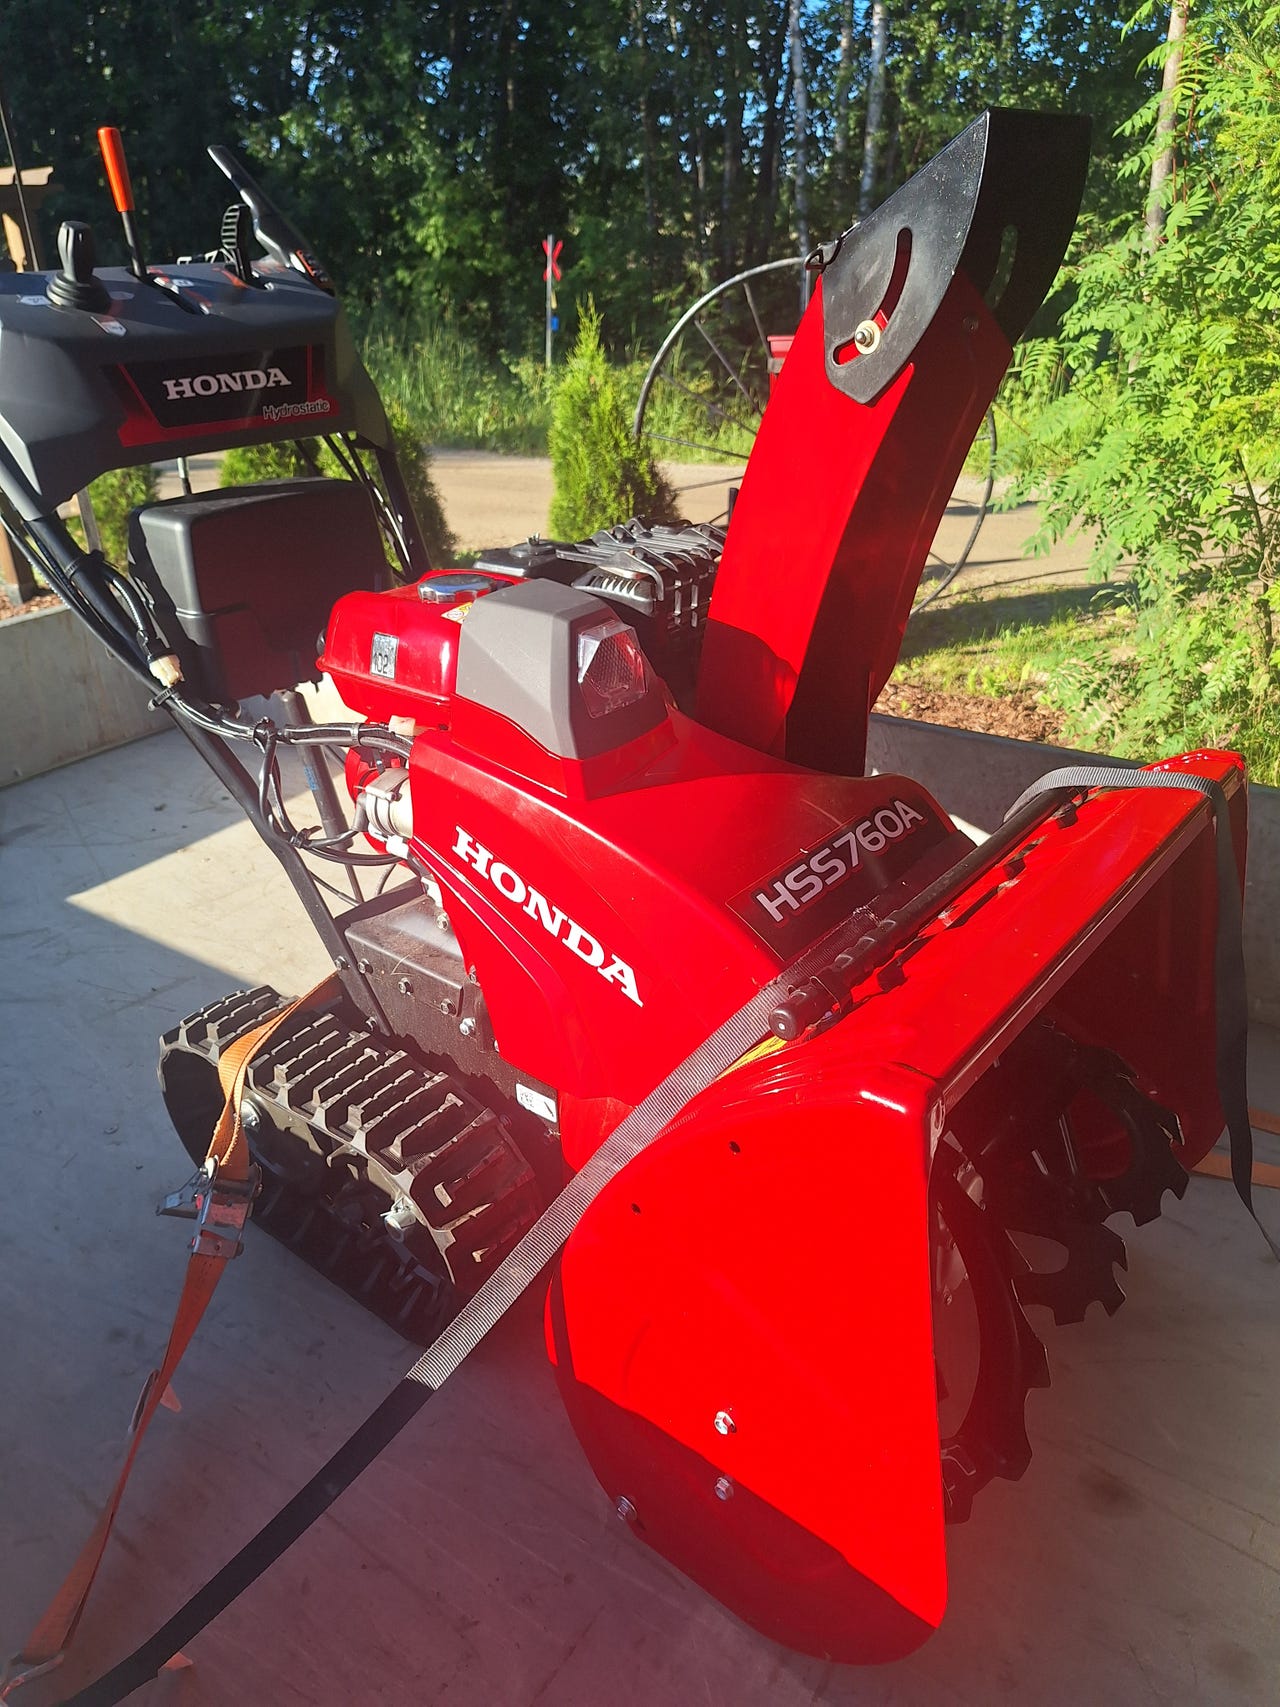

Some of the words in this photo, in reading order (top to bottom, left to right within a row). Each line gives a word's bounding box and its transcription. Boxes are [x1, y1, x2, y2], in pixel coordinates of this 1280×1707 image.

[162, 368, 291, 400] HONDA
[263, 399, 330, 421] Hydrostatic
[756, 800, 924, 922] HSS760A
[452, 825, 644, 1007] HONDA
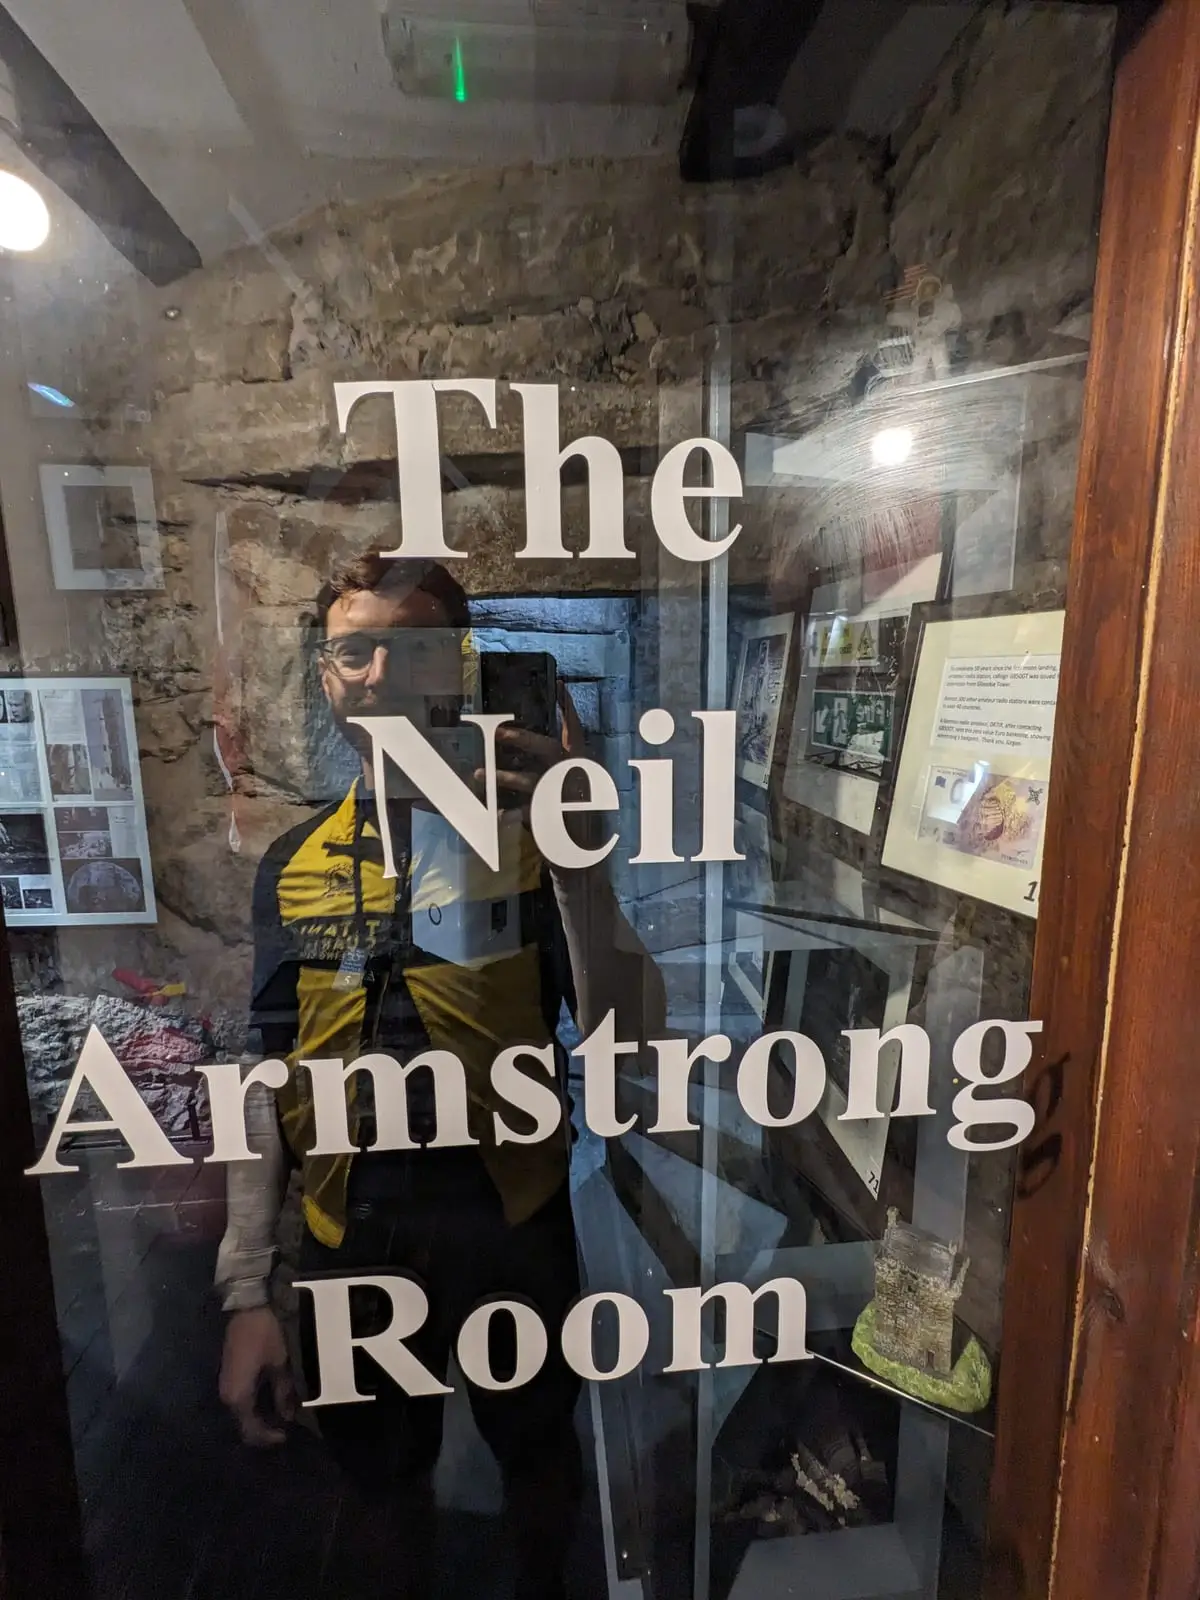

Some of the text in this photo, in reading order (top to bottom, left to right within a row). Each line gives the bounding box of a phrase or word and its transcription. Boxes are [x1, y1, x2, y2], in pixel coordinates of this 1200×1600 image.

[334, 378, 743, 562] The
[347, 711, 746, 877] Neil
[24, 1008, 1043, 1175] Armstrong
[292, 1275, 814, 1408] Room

- WORK REQUEST:
Produce exactly the lines from the one containing "Some of the text" through the final line of the records above, both included, and no others.

- FINAL ANSWER:
Some of the text in this photo, in reading order (top to bottom, left to right within a row). Each line gives the bounding box of a phrase or word and its transcription. Boxes are [x1, y1, x2, y2], in pixel coordinates of this 1200×1600 image.

[334, 378, 743, 562] The
[347, 711, 746, 877] Neil
[24, 1008, 1043, 1175] Armstrong
[292, 1275, 814, 1408] Room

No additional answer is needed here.